TASK GOAL:
The reply is to be an exact repetition of the entries that follow, with each picture left out.

INFORMATION SUPPLIED:
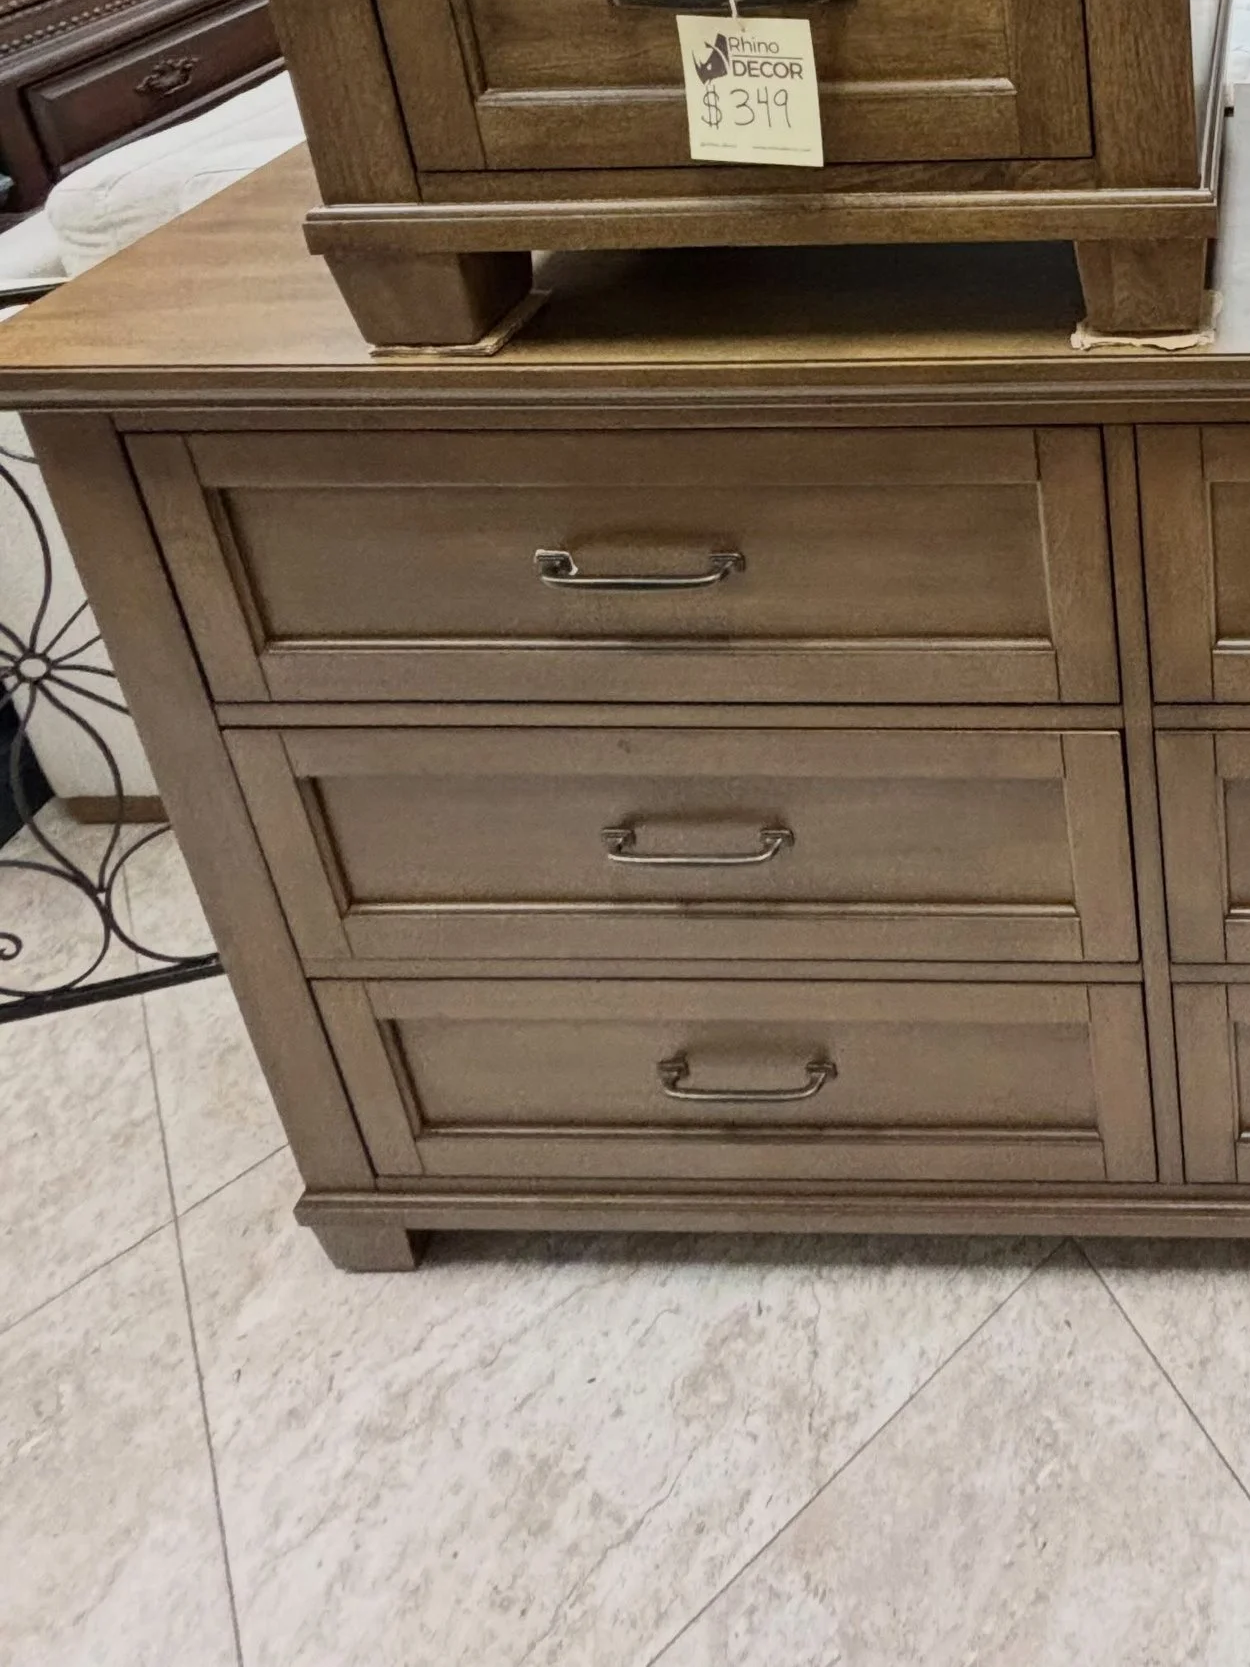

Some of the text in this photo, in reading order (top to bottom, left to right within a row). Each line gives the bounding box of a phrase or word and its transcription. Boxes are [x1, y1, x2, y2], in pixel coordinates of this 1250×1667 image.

[728, 36, 780, 54] Rhino
[732, 59, 803, 80] DECOR
[701, 84, 792, 130] $349
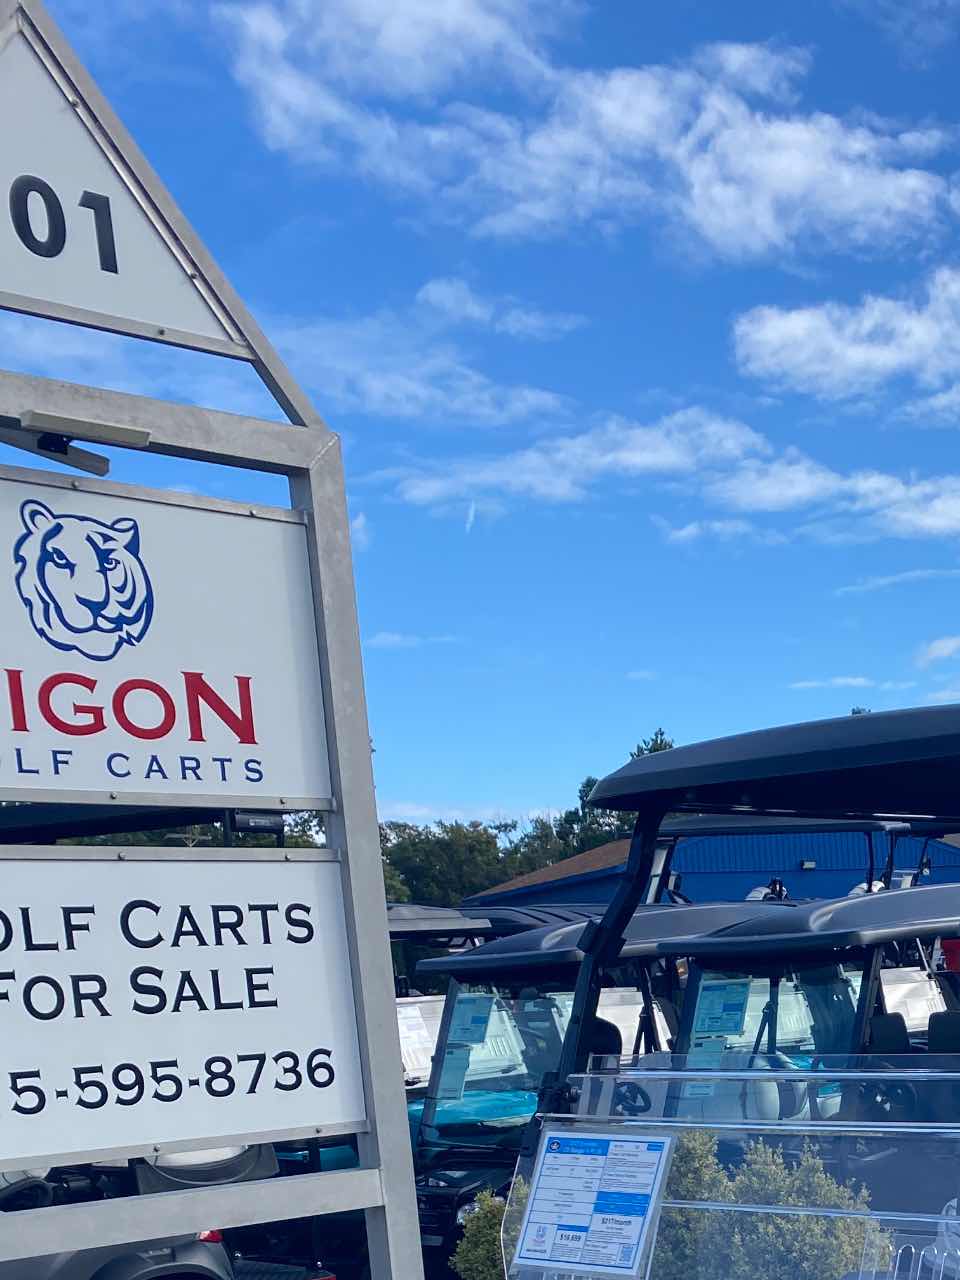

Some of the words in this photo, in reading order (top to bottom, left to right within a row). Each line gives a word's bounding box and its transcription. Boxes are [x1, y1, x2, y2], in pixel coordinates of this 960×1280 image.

FINISHED TASK:
Some of the text in this photo, in reading order (top to bottom, left to right within a row). Each line gives the bounding box of a phrase or word and its transcription. Boxes are [x1, y1, x2, y2], in pixel coordinates of this 1250×1667 image.

[728, 36, 780, 54] Rhino
[732, 59, 803, 80] DECOR
[701, 84, 792, 130] $349

Some of the words in this photo, in reading order (top to bottom, left to right within a row). Each line gives a word's bounding box and its transcription. Boxes are [x1, y1, x2, y2], in pixel coordinates of this 960×1280 image.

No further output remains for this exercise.